Advice on exploration of sub-clusters in hierarchical dendrogram

classic Classic list List threaded Threaded
6 messages Options
Reply | Threaded
Open this post in threaded view
|

Advice on exploration of sub-clusters in hierarchical dendrogram

kosmo7
Dear R user,

I am a biochemist/bioinformatician, at the moment working on protein clusterings by conformation similarity.

I only started seriously working with R about a couple of months ago.
I have been able so far to read my way through tutorials and set-up my hierarchical clusterings. My problem is that I cannot find a way to obtain information on the rooting of specific nodes, i.e. of specific clusters of interest.
In other words, I am trying to obtain/read the sub-clusters of a specific cluster in the dendrogram, by isolating a specific node and exploring locally its lower hierarchy.

Please allow me to display some of the code I have been using for your reference:

df=read.table('mydata.txt', head=T, row.names=1) #read file with distance matrix
d=as.dist(df) #format table as distance matrix
z<-hclust(d,method="complete", members=NULL)
x<-as.dendrogram(z)
plot(x, xlab="mydata complete-LINKAGE", ylim=c(0,4)) #visualization of the dendrogram
clusters<-cutree(z, h=1.6) #obtain clusters at cutoff height=1.6
ord<-cmdscale(d, k=2) #Multidimensional scaling of the data down to 2 dimensions
clusplot(ord,clusters, color=TRUE, shade=TRUE,labels=4, lines=0) #visualization of the clusters in 2D map
var1<-var(clusters==1) #variance of cluster 1

#extract cluster memberships:
clids = as.data.frame(clusters)
names(clids) = c("id")
clids$cdr = row.names(clids)
row.names(clids) = c(1:dim(clids)[1])
clstructure = lapply(unique(clids$id), function(x){clids[clids$id == x,'cdr']})

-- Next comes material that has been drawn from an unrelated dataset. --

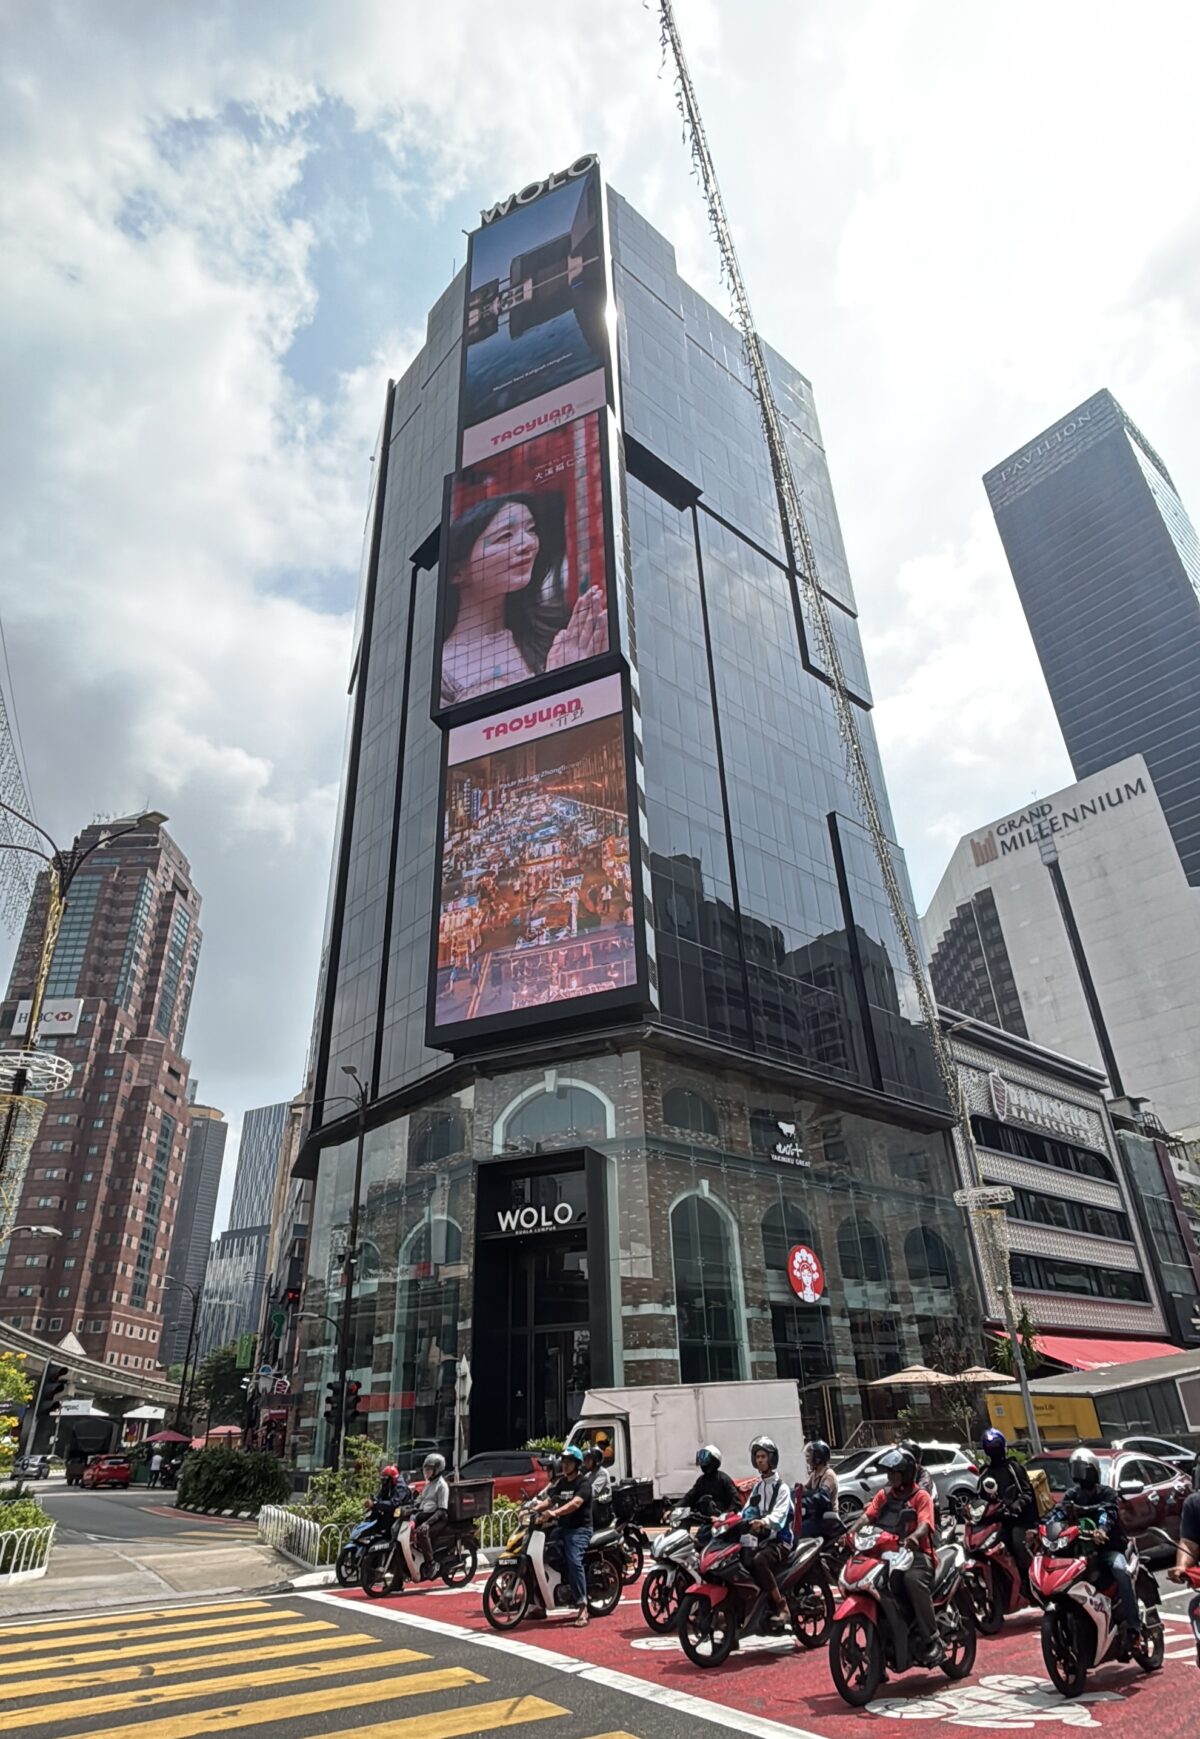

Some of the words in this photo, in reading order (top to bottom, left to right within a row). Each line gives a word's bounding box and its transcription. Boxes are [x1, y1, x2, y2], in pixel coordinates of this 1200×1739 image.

clstructure[[1]] #get memberships of cluster 1



From this point, eventually, I could recreate a distance matrix with only the members of a specific cluster and then re-apply hierarchical clustering and start all over again.
But this would take me ages to perform individually for hundred of clusters. So, I was hoping if anyone could point me to a direction as to how to take advantage of the initial dendrogram and focus on specific clusters from which to derive the sub-clusters at a new given cutoff height.

I recently found in this page http://manuals.bioinformatics.ucr.edu/home/R_BioCondManual

the following code:
clid <- c(1,2)
ysub <- y[names(mycl[mycl%in%clid]),]
hrsub <- hclust(as.dist(1-cor(t(ysub), method="pearson")), method="complete") # Select sub-cluster number (here: clid=c(1,2)) and generate corresponding dendrogram.

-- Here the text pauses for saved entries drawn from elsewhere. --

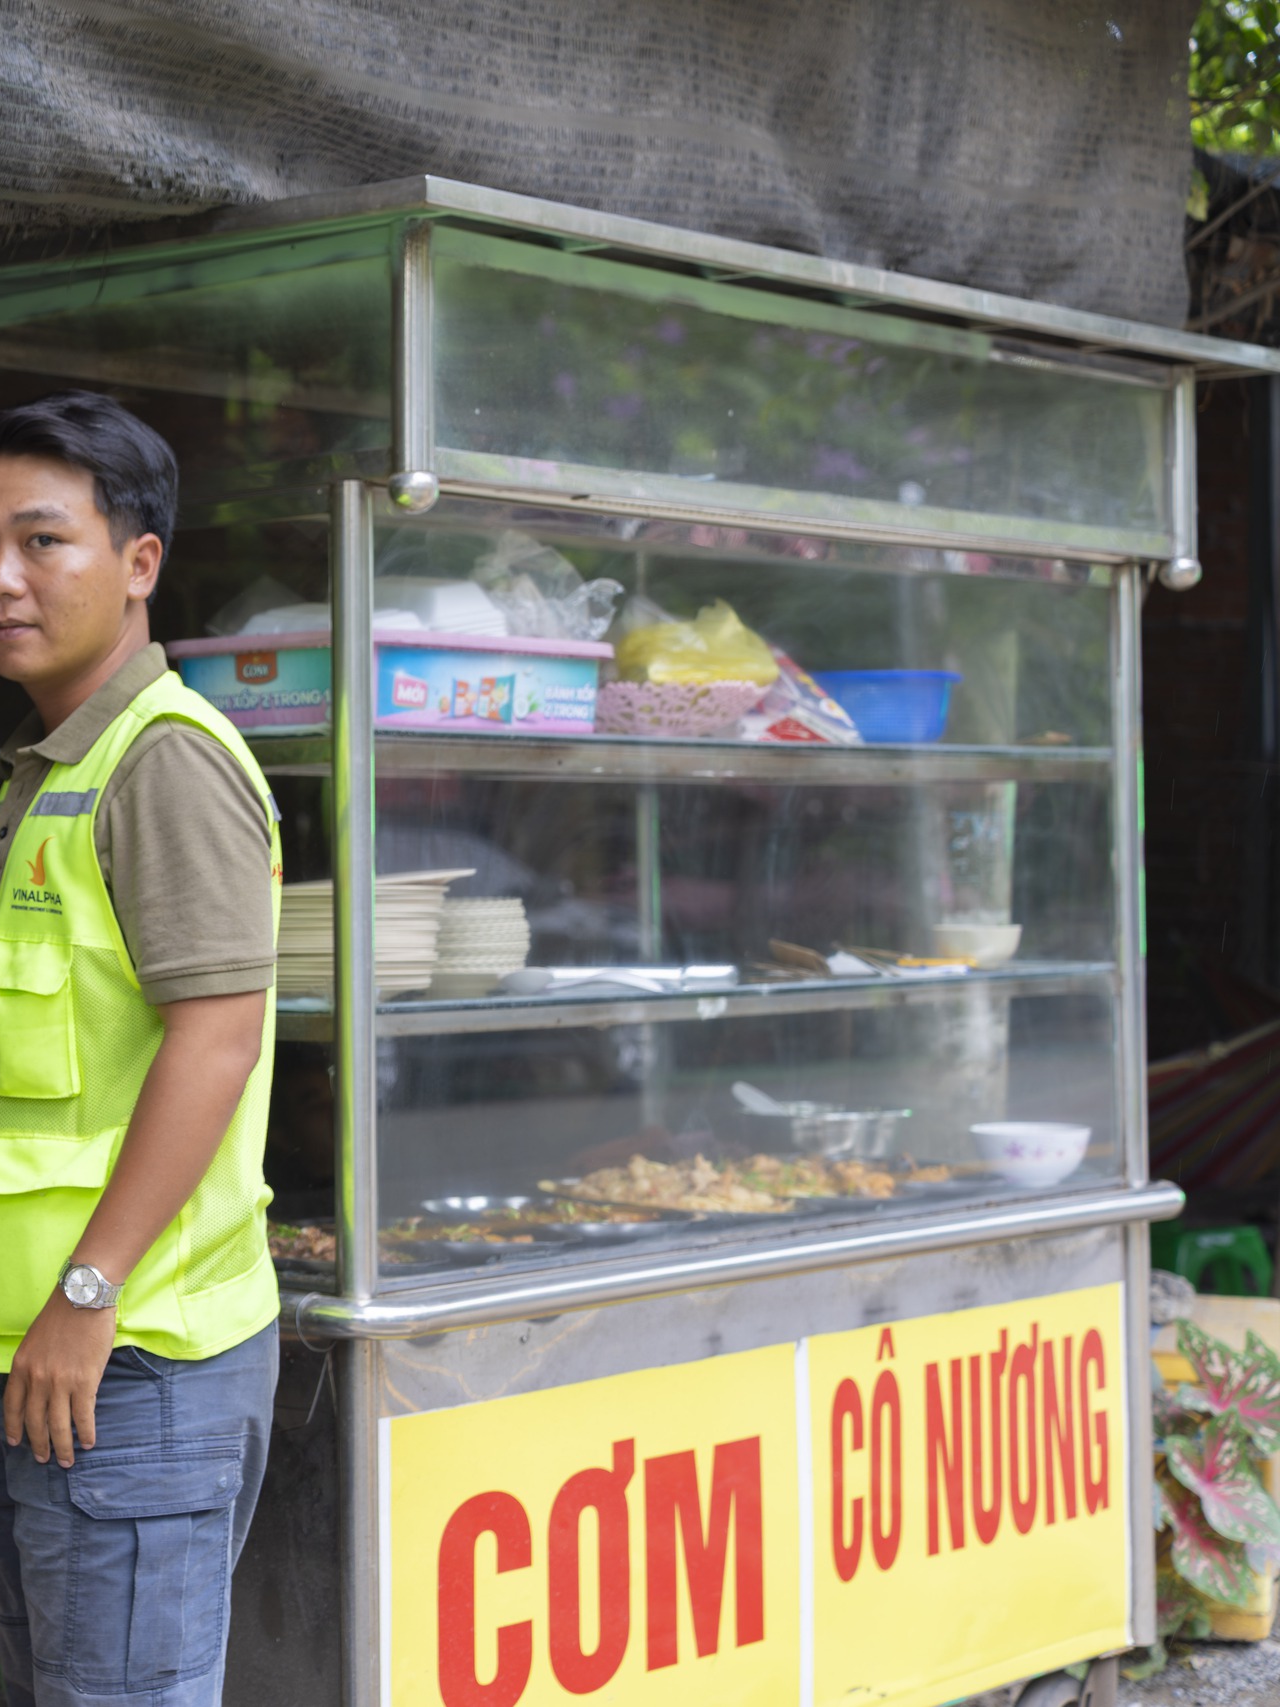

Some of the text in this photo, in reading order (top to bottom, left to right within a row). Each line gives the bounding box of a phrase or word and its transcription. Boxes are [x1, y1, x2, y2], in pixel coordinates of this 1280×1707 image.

[232, 688, 259, 710] XỐP
[261, 694, 271, 709] 2
[273, 690, 321, 708] TRONG
[12, 888, 62, 905] VINALPHA
[831, 1322, 1110, 1583] CÔ NƯƠNG
[437, 1436, 765, 1707] CƠM
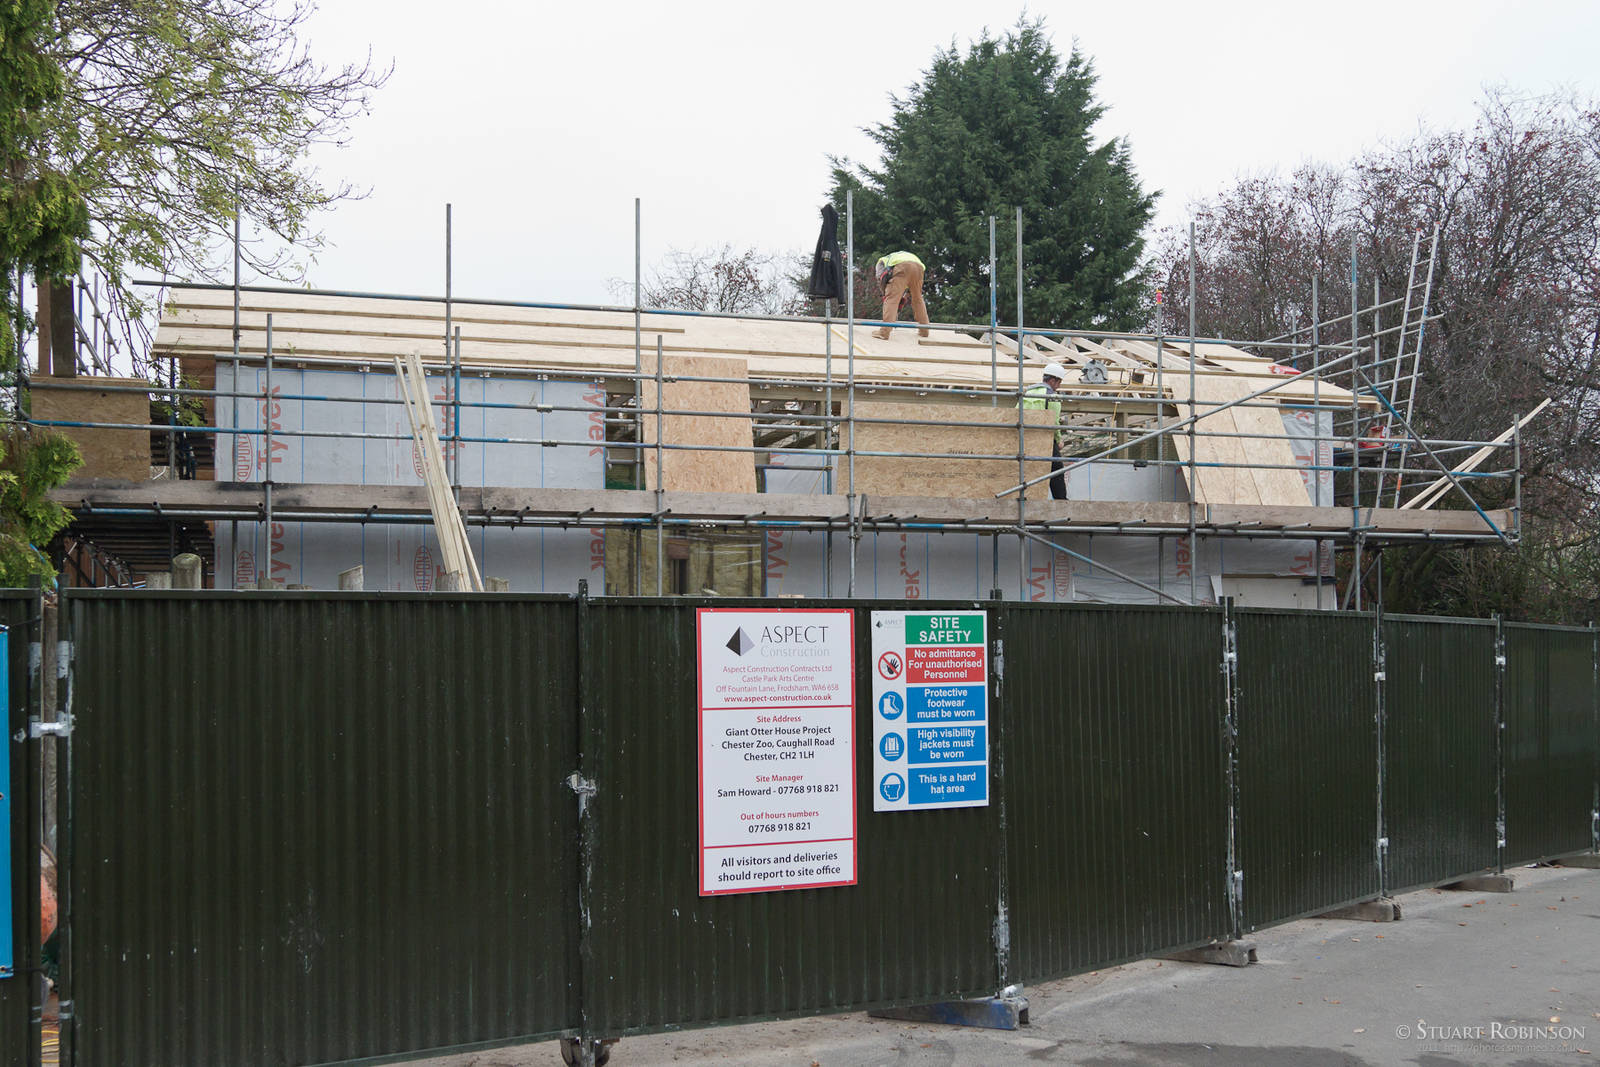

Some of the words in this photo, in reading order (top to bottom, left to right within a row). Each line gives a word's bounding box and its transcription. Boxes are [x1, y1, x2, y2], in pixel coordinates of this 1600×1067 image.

Even with this given example I am afraid I can't work my way around.
So I guess in my case I could grab all the members of a specific cluster using my existing code and try to reformat the distance matrix in one that only contains the distances of those members:
cluster1members<-clstructure[[1]]

Then I need to reformat the distance matrix into a new one, say d1, which I can feed to a new -local- hierarchical clustering:
hrsub<-hclust(d1, method="complete")

Any ideas on how I can obtain a new distance matrix with just the distances of the members in that clusters, with names contained in vector "cluster1members" ?

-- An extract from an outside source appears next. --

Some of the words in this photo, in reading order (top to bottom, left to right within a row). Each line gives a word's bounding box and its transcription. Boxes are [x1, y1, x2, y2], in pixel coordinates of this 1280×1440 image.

Apologies if this seems trivial, but I really can't find the correct functions to use for this task.
Thank you very much in advance - as I am really a novice with R, small chunks of code as example would be of great help.

Take care all -
Reply | Threaded
Open this post in threaded view
|

Re: Advice on exploration of sub-clusters in hierarchical dendrogram

ilai-2
See inline

On Thu, Feb 23, 2012 at 8:54 AM, kosmo7 <[hidden email]> wrote:
> Dear R user,

> In other words, I am trying to obtain/read the sub-clusters of a specific
> cluster in the dendrogram, by isolating a specific node and exploring
> locally its lower hierarchy.

To explore or "zoom in" on elements of z you had the first step right:
create x<-as.dendrogram(z) but then you didn't use x anymore (except
for the plot which could have been done on z). Maybe you wanted:

> df=read.table('mydata.txt', head=T, row.names=1) #read file with distance
> matrix
> d=as.dist(df) #format table as distance matrix
> z<-hclust(d,method="complete", members=NULL)
> x<-as.dendrogram(z)
> plot(x, xlab="mydata complete-LINKAGE", ylim=c(0,4)) #visualization of the
> dendrogram

>From this point

clusters<-cut(x, h=1.6) #obtain clusters at cutoff height=1.6

# clusters is now (after cut x not cutree z) a list of two components:
upper and lower. Each is in itself a list of dendrograms: the
structure above 1.6, and the local clusters below:

plot(clusters$upper)  # the structure above 1.6
plot(clusters$lower[[1]])  # cluster 1

# To print the details of cluster 1 (this output maybe very long
depending on how many members):

str(clusters$lower[[1]])

To extract specific details from the list and automate for all or some
of the clusters ?dendrapply is your friend.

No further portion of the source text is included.